Llovía poco en aquel país, pero el día que caían cuatro gotas las calles se convertían a algo parecido a los canales de Venecia. Y la casa de “Henry”, por supuesto, se inundaba.

Porque a mi vecino le llamaba “Henry”. No hablaba francés ni inglés, solo árabe. Pero siempre iba con una camiseta amarilla vieja y gastada del Arsenal, equipo de la Premier inglesa, con el nombre del jugador francés.

En el semáforo nunca le di nada. Cuando paseaba cerca de mi casa y me lo encontraba, solía darle agua o algo de comida, y él me devolvía una sonrisa que enseñaba una dentadura muy estropeada.

Y todas las mañanas, cuando pasaba aquel semáforo, me hacía la misma pregunta: “¿por qué le ha tocado a ese niño esa vida y a mí no?”. Henry estaba todos los días pidiendo en aquel semáforo. Entre abril y noviembre la temperatura nunca baja de los 30ºC. A las 7 de la mañana podría haber cerca de 40ºC, con una humedad altísima.

Por supuesto, no iba a la escuela. Ese niño, como muchos otros en su misma situación, está condenado a malvivir. Cuando llegue a la adolescencia (si es que no ha muerto antes) tiene muchísimos boletos para estar tirado en la calle mascando khat, que es una droga que se masca y que deja a la gente “atontada”.
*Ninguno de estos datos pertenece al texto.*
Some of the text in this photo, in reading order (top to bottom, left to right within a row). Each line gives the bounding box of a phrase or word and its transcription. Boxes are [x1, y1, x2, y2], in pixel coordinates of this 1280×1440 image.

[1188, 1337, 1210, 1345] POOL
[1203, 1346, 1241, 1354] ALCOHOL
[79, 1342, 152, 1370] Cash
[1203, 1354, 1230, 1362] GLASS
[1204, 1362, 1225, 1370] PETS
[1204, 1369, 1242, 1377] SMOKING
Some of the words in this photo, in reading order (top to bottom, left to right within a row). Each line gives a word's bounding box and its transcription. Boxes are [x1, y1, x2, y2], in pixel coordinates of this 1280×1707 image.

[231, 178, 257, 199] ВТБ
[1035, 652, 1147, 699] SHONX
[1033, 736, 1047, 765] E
Por supuesto, no tengo respuesta para la pregunta que me hacía, pero sí me provocaba dos reflexiones. La primera, el de valorar la suerte que he tenido (estoy teniendo) en esta vida, y la responsabilidad de utilizar bien ese privilegio. Responsabilidad no significa agobio. Al revés, se trata, sencillamente, de que mis acciones personales y profesionales ayuden a mejorar la vida de aquellas personas que interactúan conmigo.
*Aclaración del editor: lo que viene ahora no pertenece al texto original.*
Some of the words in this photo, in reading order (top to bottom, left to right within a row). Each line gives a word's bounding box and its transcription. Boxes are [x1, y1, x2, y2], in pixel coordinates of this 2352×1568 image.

La segunda reflexión hace referencia al futuro que nos viene. África tenía una población aproximada de algo más de 1.200 millones de personas en el 2016. Se espera que en pocas décadas la cifra suba a 1.500 millones. Gente joven y con ansia legítima de vivir mejor.
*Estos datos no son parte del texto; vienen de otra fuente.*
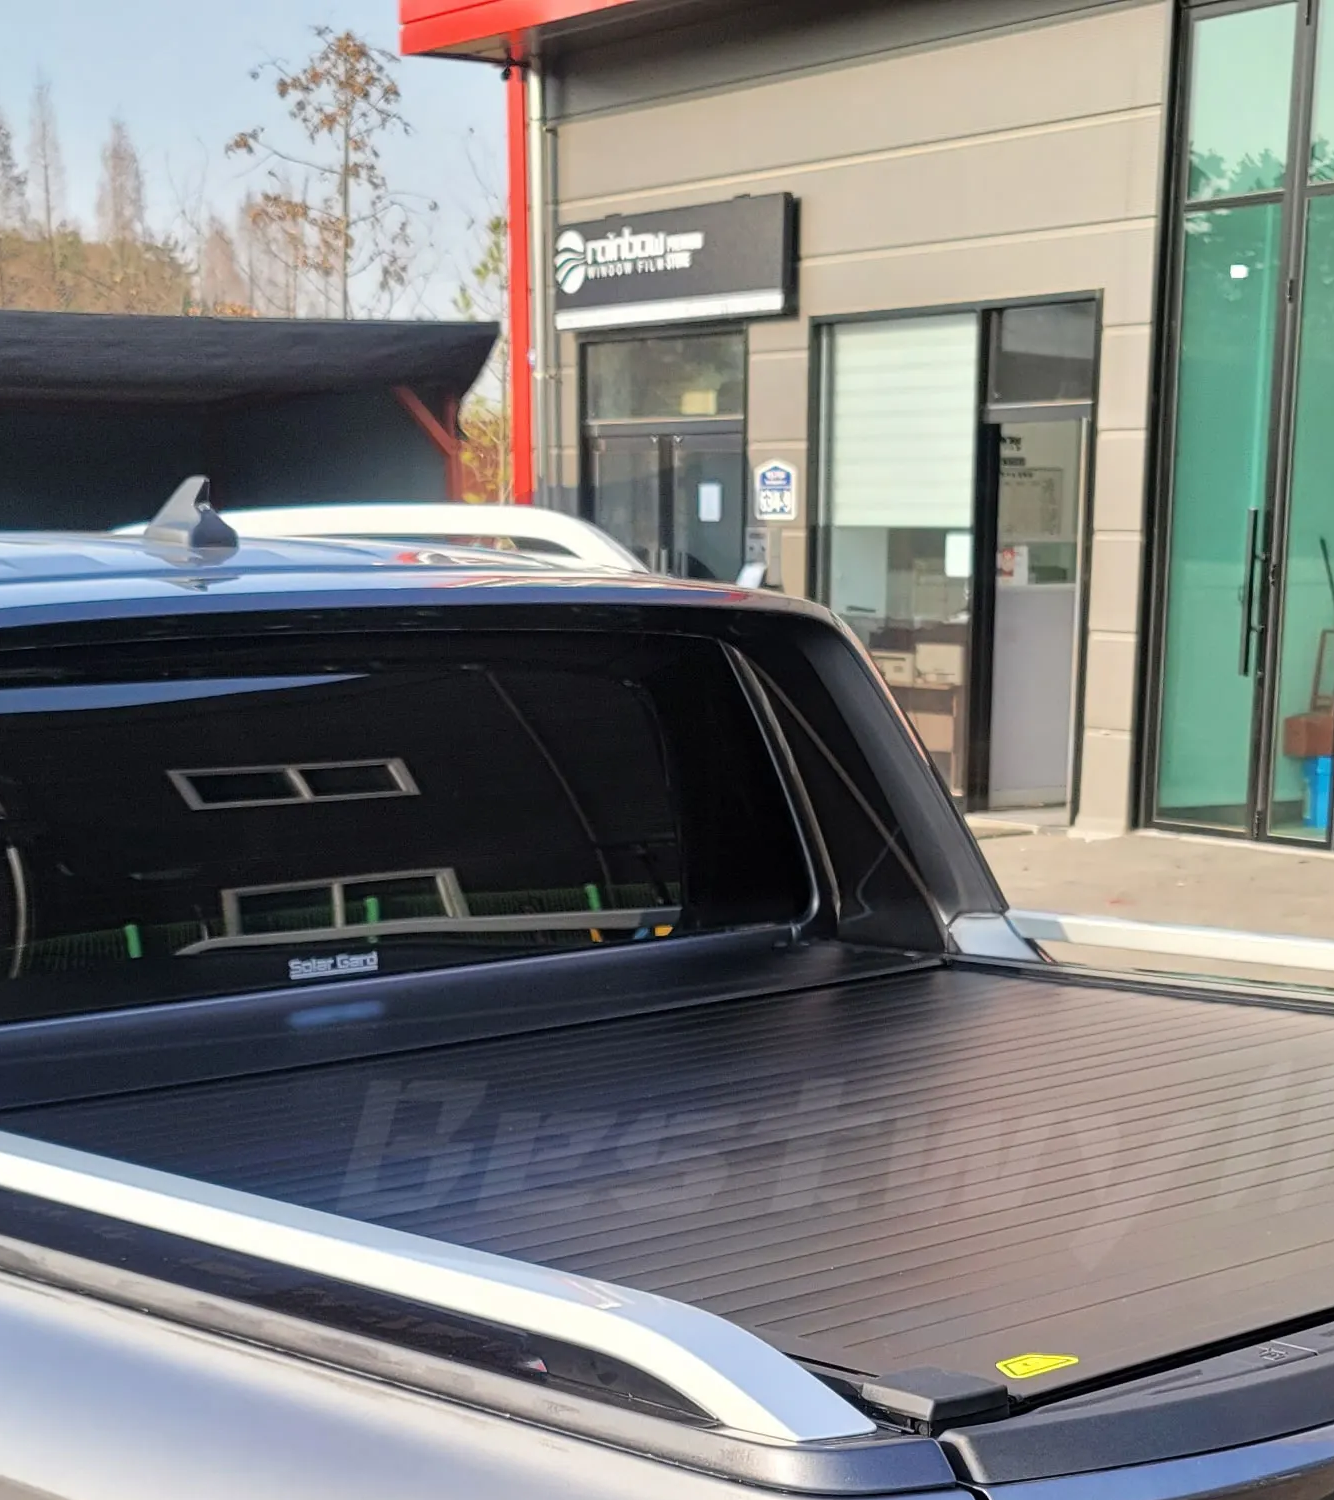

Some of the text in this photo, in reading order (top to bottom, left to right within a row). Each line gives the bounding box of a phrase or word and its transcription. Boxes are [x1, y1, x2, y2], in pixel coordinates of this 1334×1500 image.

Están 14 kilómetros al sur del Estrecho de Gibraltar. Son nuestros vecinos, jóvenes y numerosos. Porque la Unión Europea tiene una población estancada de algo más de 500 millones de personas, cada vez más viejas.

El ser humano siempre se ha movido por el planeta en busca de mejores condiciones de vida. Y es lo que está pasando con los flujos migratorios desde el Sur hacia el Norte. Miles de personas se arriesgan a morir por cruzar el continente africano en una travesía peligrosa para llegar a alguna costa donde, para rematar, embarcarán en una patera llena de gente y se lanzarán a mar abierto buscando nuestro “maravilloso estilo de vida”.

A saber cuánta gente habrá muerto sin que lo sepamos. Y por desgracia, en nuestra sociedad cada vez más vieja y, por lo tanto, decadente, está aflorando lo peor de lo peor. ¡Xenofobia y racismo a tope! No voy a poner nombres, pero seguro que se nos vienen a la cabeza unos cuantos en los que coincidimos.

Yo no digo que haya que abrir las puertas de par en par a todo lo que venga. Tiene que haber un orden y un plan para gestionar este flujo, que es un problema, pero que puede convertirse en una oportunidad. Porque si alguien cree que va a haber valla, muro, control policial o fronterizo que vaya a detener lo que se nos viene encima, es que no tiene ni idea de la magnitud de lo que está ocurriendo.

En la vida se pueden tomar dos opciones: construir muros o abrir puertas. Yo tengo clara la mía.

Y para despedir este post, no hay canción más apropiada que esta de Jackson Browne llamada “Walls and doors”, y que va de eso, de que hay personas que construyen muros, y otras que abren puertas.

Enjoy!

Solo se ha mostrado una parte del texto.